◆ **EXERCISE GOAL**
Print all of the data below exactly as it appears, leaving out every image.

·····

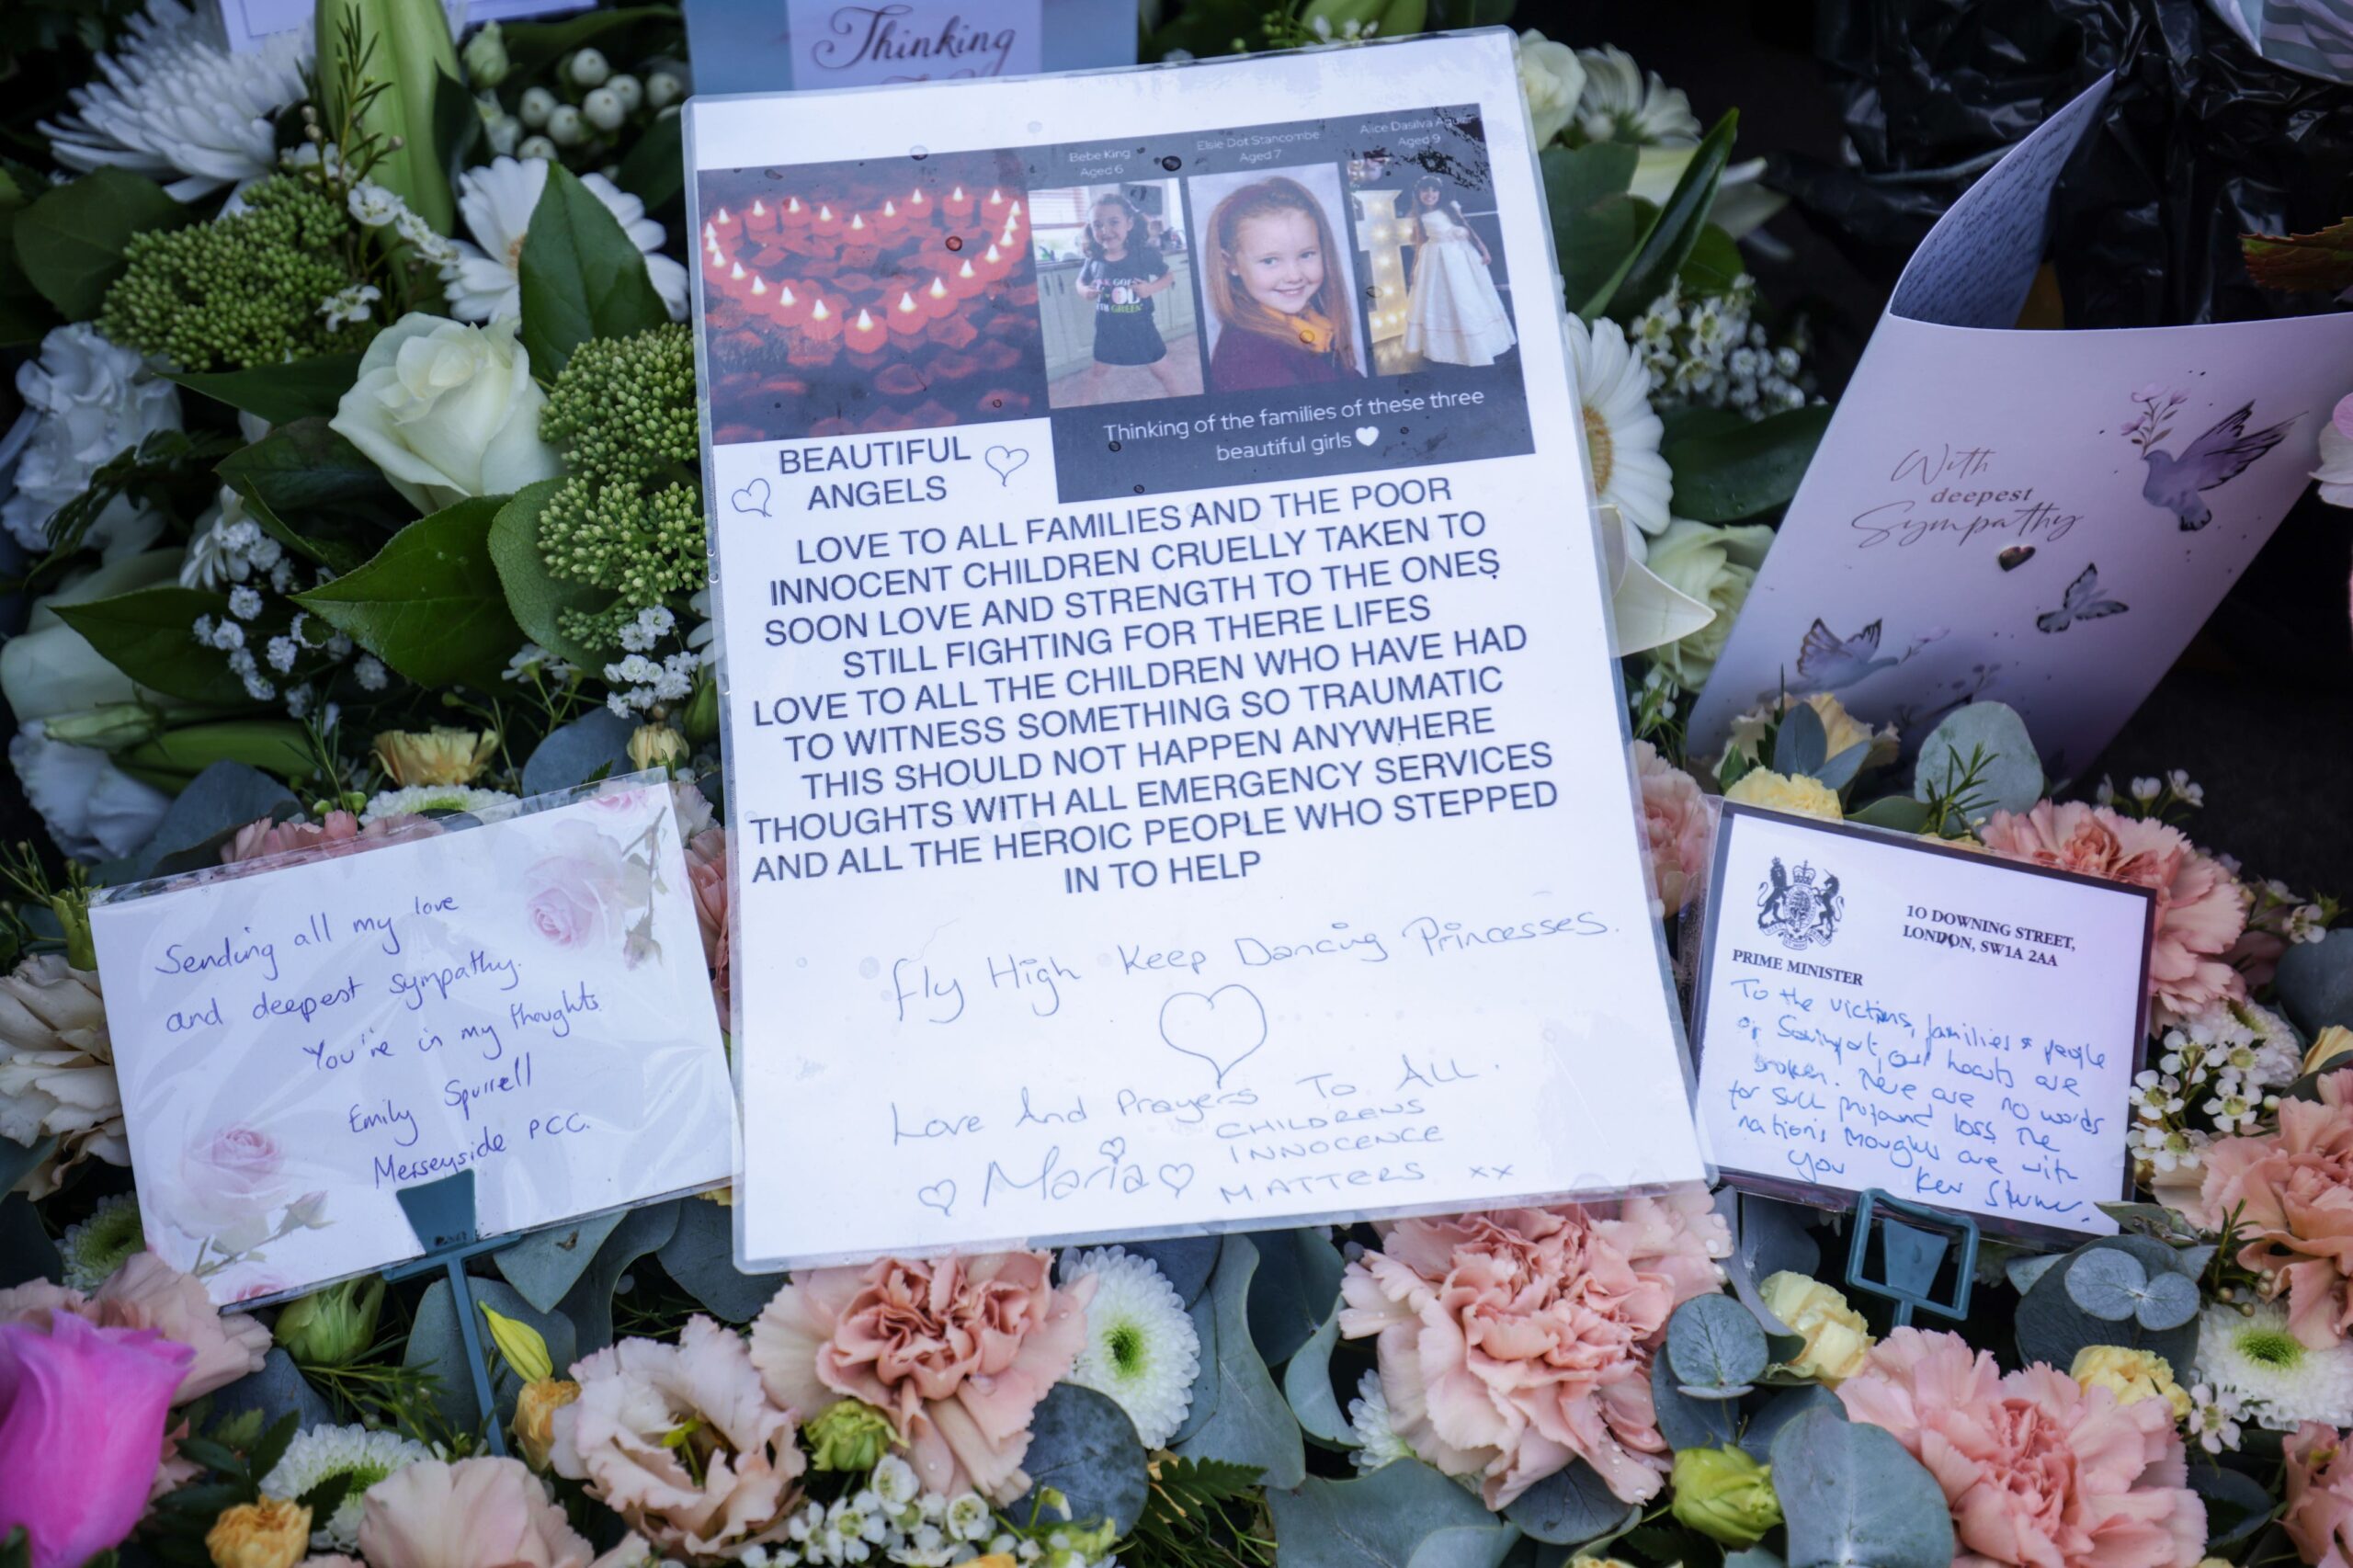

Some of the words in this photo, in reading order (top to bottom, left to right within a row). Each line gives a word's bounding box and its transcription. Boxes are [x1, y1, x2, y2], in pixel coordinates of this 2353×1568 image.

[812, 5, 1016, 76] Thinking
[1197, 139, 1224, 151] Elsie
[1227, 137, 1250, 148] Dot
[1251, 131, 1320, 146] Stancombe
[1360, 123, 1389, 135] Alice
[1398, 135, 1429, 148] Aged
[1432, 133, 1441, 144] 9
[1069, 152, 1100, 163] Bebe
[1104, 148, 1131, 161] King
[1080, 167, 1112, 179] Aged
[1115, 166, 1124, 175] 6
[1240, 151, 1271, 165] Aged
[1273, 149, 1282, 159] 7
[1104, 418, 1189, 441] Thinking
[1195, 415, 1218, 433] of
[1221, 410, 1256, 431] the
[1259, 404, 1337, 427] families
[1342, 398, 1365, 418] of
[1369, 395, 1425, 415] these
[1429, 390, 1485, 410] three
[779, 436, 972, 474] BEAUTIFUL
[1217, 435, 1306, 460] beautiful
[1312, 431, 1352, 455] girls
[1891, 443, 1996, 485] With
[808, 476, 948, 510] ANGELS
[1930, 487, 2034, 507] deepest
[797, 532, 890, 564] LOVE
[899, 528, 947, 555] TO
[956, 522, 1017, 551] ALL
[1027, 506, 1181, 544] FAMILIES
[1190, 497, 1261, 528] AND
[1270, 488, 1341, 518] THE
[1351, 477, 1452, 510] POOR
[1852, 501, 2085, 549] Sympathy
[770, 565, 952, 607] INNOCENT
[963, 547, 1140, 589] CHILDREN
[1152, 528, 1306, 570] CRUELLY
[1316, 517, 1429, 552] TAKEN
[1438, 510, 1486, 540] TO
[765, 612, 868, 646] SOON
[881, 603, 972, 636] LOVE
[983, 596, 1053, 627] AND
[1065, 575, 1256, 619] STRENGTH
[1265, 568, 1313, 598] TO
[1321, 560, 1392, 591] THE
[1402, 548, 1500, 583] ONES
[844, 644, 938, 678] STILL
[947, 628, 1112, 669] FIGHTING
[1124, 619, 1196, 651] FOR
[1205, 606, 1324, 642] THERE
[1334, 595, 1430, 630] LIFES
[754, 693, 847, 726] LOVE
[858, 687, 905, 716] TO
[915, 681, 978, 711] ALL
[984, 672, 1056, 704] THE
[1065, 653, 1245, 697] CHILDREN
[1255, 644, 1339, 677] WHO
[1351, 632, 1443, 667] HAVE
[1454, 624, 1528, 657] HAD
[785, 732, 834, 762] TO
[845, 716, 1006, 756] WITNESS
[1018, 694, 1230, 740] SOMETHING
[1242, 688, 1290, 719] SO
[1300, 665, 1504, 711] TRAUMATIC
[801, 767, 883, 800] THIS
[895, 752, 1042, 791] SHOULD
[1054, 744, 1127, 776] NOT
[1138, 728, 1281, 768] HAPPEN
[1292, 706, 1495, 752] ANYWHERE
[749, 801, 953, 844] THOUGHTS
[963, 790, 1055, 824] WITH
[1065, 784, 1128, 815] ALL
[1138, 759, 1364, 807] EMERGENCY
[1375, 741, 1553, 784] SERVICES
[752, 852, 828, 882] AND
[837, 845, 904, 875] ALL
[910, 836, 983, 868] THE
[994, 822, 1132, 861] HEROIC
[1145, 808, 1286, 846] PEOPLE
[1295, 798, 1382, 830] WHO
[1394, 780, 1559, 822] STEPPED
[1064, 865, 1099, 894] IN
[1108, 860, 1158, 890] TO
[1170, 850, 1261, 884] HELP
[154, 926, 278, 981] Sending
[294, 912, 332, 946] all
[353, 917, 401, 955] my
[415, 896, 459, 915] love
[1903, 925, 1976, 953] LONDON,
[1980, 939, 2024, 960] SW1A
[2029, 949, 2059, 968] 2AA
[1907, 903, 1927, 921] 10
[1931, 908, 2012, 937] DOWNING
[2015, 926, 2077, 952] STREET,
[988, 954, 1081, 1017] High
[1234, 921, 1388, 966] Dancing
[1732, 948, 1783, 971] PRIME
[1787, 960, 1864, 987] MINISTER
[166, 997, 223, 1032] and
[252, 976, 364, 1023] deepest
[1731, 978, 1769, 1001] To
[1779, 987, 1813, 1012] the
[2045, 1040, 2105, 1070] people
[418, 1028, 443, 1052] in
[461, 1025, 502, 1060] my
[349, 1099, 418, 1147] Emily
[892, 1102, 985, 1145] Love
[1016, 1086, 1087, 1128] And
[1118, 1088, 1258, 1124] Prayers
[1216, 1099, 1426, 1139] CHILDRENS
[374, 1126, 506, 1188] Merseyside
[1230, 1126, 1444, 1164] INNOCENCE
[983, 1145, 1149, 1208] Maria
[1220, 1163, 1425, 1204] MATTERS

·····

◆ **RESPONSE BOX**
Some of the words in this photo, in reading order (top to bottom, left to right within a row). Each line gives a word's bounding box and its transcription. Boxes are [x1, y1, x2, y2], in pixel coordinates of this 2353×1568 image.

[812, 5, 1016, 76] Thinking
[1197, 139, 1224, 151] Elsie
[1227, 137, 1250, 148] Dot
[1251, 131, 1320, 146] Stancombe
[1360, 123, 1389, 135] Alice
[1398, 135, 1429, 148] Aged
[1432, 133, 1441, 144] 9
[1069, 152, 1100, 163] Bebe
[1104, 148, 1131, 161] King
[1080, 167, 1112, 179] Aged
[1115, 166, 1124, 175] 6
[1240, 151, 1271, 165] Aged
[1273, 149, 1282, 159] 7
[1104, 418, 1189, 441] Thinking
[1195, 415, 1218, 433] of
[1221, 410, 1256, 431] the
[1259, 404, 1337, 427] families
[1342, 398, 1365, 418] of
[1369, 395, 1425, 415] these
[1429, 390, 1485, 410] three
[779, 436, 972, 474] BEAUTIFUL
[1217, 435, 1306, 460] beautiful
[1312, 431, 1352, 455] girls
[1891, 443, 1996, 485] With
[808, 476, 948, 510] ANGELS
[1930, 487, 2034, 507] deepest
[797, 532, 890, 564] LOVE
[899, 528, 947, 555] TO
[956, 522, 1017, 551] ALL
[1027, 506, 1181, 544] FAMILIES
[1190, 497, 1261, 528] AND
[1270, 488, 1341, 518] THE
[1351, 477, 1452, 510] POOR
[1852, 501, 2085, 549] Sympathy
[770, 565, 952, 607] INNOCENT
[963, 547, 1140, 589] CHILDREN
[1152, 528, 1306, 570] CRUELLY
[1316, 517, 1429, 552] TAKEN
[1438, 510, 1486, 540] TO
[765, 612, 868, 646] SOON
[881, 603, 972, 636] LOVE
[983, 596, 1053, 627] AND
[1065, 575, 1256, 619] STRENGTH
[1265, 568, 1313, 598] TO
[1321, 560, 1392, 591] THE
[1402, 548, 1500, 583] ONES
[844, 644, 938, 678] STILL
[947, 628, 1112, 669] FIGHTING
[1124, 619, 1196, 651] FOR
[1205, 606, 1324, 642] THERE
[1334, 595, 1430, 630] LIFES
[754, 693, 847, 726] LOVE
[858, 687, 905, 716] TO
[915, 681, 978, 711] ALL
[984, 672, 1056, 704] THE
[1065, 653, 1245, 697] CHILDREN
[1255, 644, 1339, 677] WHO
[1351, 632, 1443, 667] HAVE
[1454, 624, 1528, 657] HAD
[785, 732, 834, 762] TO
[845, 716, 1006, 756] WITNESS
[1018, 694, 1230, 740] SOMETHING
[1242, 688, 1290, 719] SO
[1300, 665, 1504, 711] TRAUMATIC
[801, 767, 883, 800] THIS
[895, 752, 1042, 791] SHOULD
[1054, 744, 1127, 776] NOT
[1138, 728, 1281, 768] HAPPEN
[1292, 706, 1495, 752] ANYWHERE
[749, 801, 953, 844] THOUGHTS
[963, 790, 1055, 824] WITH
[1065, 784, 1128, 815] ALL
[1138, 759, 1364, 807] EMERGENCY
[1375, 741, 1553, 784] SERVICES
[752, 852, 828, 882] AND
[837, 845, 904, 875] ALL
[910, 836, 983, 868] THE
[994, 822, 1132, 861] HEROIC
[1145, 808, 1286, 846] PEOPLE
[1295, 798, 1382, 830] WHO
[1394, 780, 1559, 822] STEPPED
[1064, 865, 1099, 894] IN
[1108, 860, 1158, 890] TO
[1170, 850, 1261, 884] HELP
[154, 926, 278, 981] Sending
[294, 912, 332, 946] all
[353, 917, 401, 955] my
[415, 896, 459, 915] love
[1903, 925, 1976, 953] LONDON,
[1980, 939, 2024, 960] SW1A
[2029, 949, 2059, 968] 2AA
[1907, 903, 1927, 921] 10
[1931, 908, 2012, 937] DOWNING
[2015, 926, 2077, 952] STREET,
[988, 954, 1081, 1017] High
[1234, 921, 1388, 966] Dancing
[1732, 948, 1783, 971] PRIME
[1787, 960, 1864, 987] MINISTER
[166, 997, 223, 1032] and
[252, 976, 364, 1023] deepest
[1731, 978, 1769, 1001] To
[1779, 987, 1813, 1012] the
[2045, 1040, 2105, 1070] people
[418, 1028, 443, 1052] in
[461, 1025, 502, 1060] my
[349, 1099, 418, 1147] Emily
[892, 1102, 985, 1145] Love
[1016, 1086, 1087, 1128] And
[1118, 1088, 1258, 1124] Prayers
[1216, 1099, 1426, 1139] CHILDRENS
[374, 1126, 506, 1188] Merseyside
[1230, 1126, 1444, 1164] INNOCENCE
[983, 1145, 1149, 1208] Maria
[1220, 1163, 1425, 1204] MATTERS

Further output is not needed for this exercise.